İngilizler'in 'Hindi ziyafeti' bitti
Şimdi anladık ki, Şampiyonlar Ligi'nde üstüste İngilizler'le berabere kalınca 'hindi ziyafeti' bitti. Üstelik puan sıralamasında Liverpool altta kalınca sesini çıkartan İngiliz gazetesi yok. Artık "Eskiyle yeniyi birarada yaşama dönemini" bir şekliyle biz de aştık. Avrupa Şampiyonası fikstür toplantısında İngilizlerin üstüne çıktığımız için kura çekimi yorumunu Türkiye'de yapmayı hazmedemediler. Anlaşıldı ki onlar, "Eskiyle yeni"ye alışamıyorlar.

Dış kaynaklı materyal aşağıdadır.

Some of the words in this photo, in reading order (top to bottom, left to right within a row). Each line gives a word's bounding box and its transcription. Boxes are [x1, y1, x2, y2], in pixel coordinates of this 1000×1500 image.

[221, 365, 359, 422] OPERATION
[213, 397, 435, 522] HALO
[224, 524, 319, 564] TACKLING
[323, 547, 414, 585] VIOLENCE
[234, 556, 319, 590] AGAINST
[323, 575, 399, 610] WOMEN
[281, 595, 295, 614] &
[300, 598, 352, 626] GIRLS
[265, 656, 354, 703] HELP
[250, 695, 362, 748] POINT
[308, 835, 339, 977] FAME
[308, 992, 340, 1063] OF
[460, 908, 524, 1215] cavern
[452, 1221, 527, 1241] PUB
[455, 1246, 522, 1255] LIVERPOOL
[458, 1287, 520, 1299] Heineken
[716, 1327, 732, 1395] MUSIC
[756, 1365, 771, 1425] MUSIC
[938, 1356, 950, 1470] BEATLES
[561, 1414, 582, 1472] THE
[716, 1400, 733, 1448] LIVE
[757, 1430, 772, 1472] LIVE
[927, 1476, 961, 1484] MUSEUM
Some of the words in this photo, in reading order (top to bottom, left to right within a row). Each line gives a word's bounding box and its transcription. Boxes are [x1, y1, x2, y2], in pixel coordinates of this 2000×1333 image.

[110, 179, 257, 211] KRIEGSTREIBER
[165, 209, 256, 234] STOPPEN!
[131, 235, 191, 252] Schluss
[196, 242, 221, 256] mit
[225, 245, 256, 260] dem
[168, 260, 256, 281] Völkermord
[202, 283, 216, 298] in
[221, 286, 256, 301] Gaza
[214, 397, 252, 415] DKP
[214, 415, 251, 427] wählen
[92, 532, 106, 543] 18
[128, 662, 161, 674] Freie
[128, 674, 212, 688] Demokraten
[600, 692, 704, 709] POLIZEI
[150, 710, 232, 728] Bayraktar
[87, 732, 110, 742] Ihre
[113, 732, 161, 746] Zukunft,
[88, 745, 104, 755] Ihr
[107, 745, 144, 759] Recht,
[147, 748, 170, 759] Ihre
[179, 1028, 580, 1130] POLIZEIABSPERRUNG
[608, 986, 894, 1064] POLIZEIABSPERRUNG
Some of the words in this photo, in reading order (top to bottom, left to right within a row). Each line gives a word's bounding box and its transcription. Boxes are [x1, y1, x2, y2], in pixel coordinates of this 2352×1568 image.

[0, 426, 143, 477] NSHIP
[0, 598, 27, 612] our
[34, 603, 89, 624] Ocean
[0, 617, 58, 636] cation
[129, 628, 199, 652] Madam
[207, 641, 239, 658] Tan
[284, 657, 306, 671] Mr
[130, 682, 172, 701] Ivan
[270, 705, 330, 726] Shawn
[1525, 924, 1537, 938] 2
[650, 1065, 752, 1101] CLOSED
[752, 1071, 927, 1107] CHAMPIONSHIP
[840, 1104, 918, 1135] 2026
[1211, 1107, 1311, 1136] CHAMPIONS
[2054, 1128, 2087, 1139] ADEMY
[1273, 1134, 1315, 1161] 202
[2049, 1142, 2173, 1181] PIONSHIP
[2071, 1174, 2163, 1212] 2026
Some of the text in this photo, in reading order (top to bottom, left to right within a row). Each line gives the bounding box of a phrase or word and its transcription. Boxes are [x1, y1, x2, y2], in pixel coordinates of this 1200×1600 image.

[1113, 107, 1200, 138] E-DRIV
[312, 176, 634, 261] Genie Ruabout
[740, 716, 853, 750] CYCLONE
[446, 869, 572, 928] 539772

İtalya'nın Milan takımı, "Can güvenliğimiz yok" diye Tel Aviv'deki Avrupa Kupası maçına gitmiyor. UEFA da bunu onaylıyor. Juventus da G.Saray'a aynı şekilde davranmıştı. Şimdi Milan maçı Kıbrıs'a alınacak. Bir de İsrail büyük turistik yara aldı. G.Saray'ın 20 bin polisle oynadığı maçın turistik değerini şimdi anlıyoruz. İşte "Eskiyle yeni"nin farkı. Peki, G,Saray'ın canı yok mu? Onu soran yok. Suçlu da ortada yok. Çünkü döven polis. Peki Roma'da can güvenliği var mıydı? Bereket görüntüler var. İşte "Eskiyle yeni"nin bir başka farkı.
İtalya ve ırkçılık
İtalya değişik bir ülke. Roma'da Lazio ve Roma takımları var. Lazio süper 'Neo-Nazi'. İki kulübün de esas amacı, rakibin sinirlerini bozarak avantaj sağlamak. Maçlardaki sloganlar yıllardır birbirinin benzeri. Belgrad'da öldürülen Sırp katil için, "Kaplan Arkan'a onur", sonra aşırı sağcılardan Massimino için ağıt pankartları... Kulüpler, federasyon tahkikat açınca, "Bunlar bizimle ilişkili değil" diyor, olay kapanıyor. Ayrı bir grup, "Vikingler" var.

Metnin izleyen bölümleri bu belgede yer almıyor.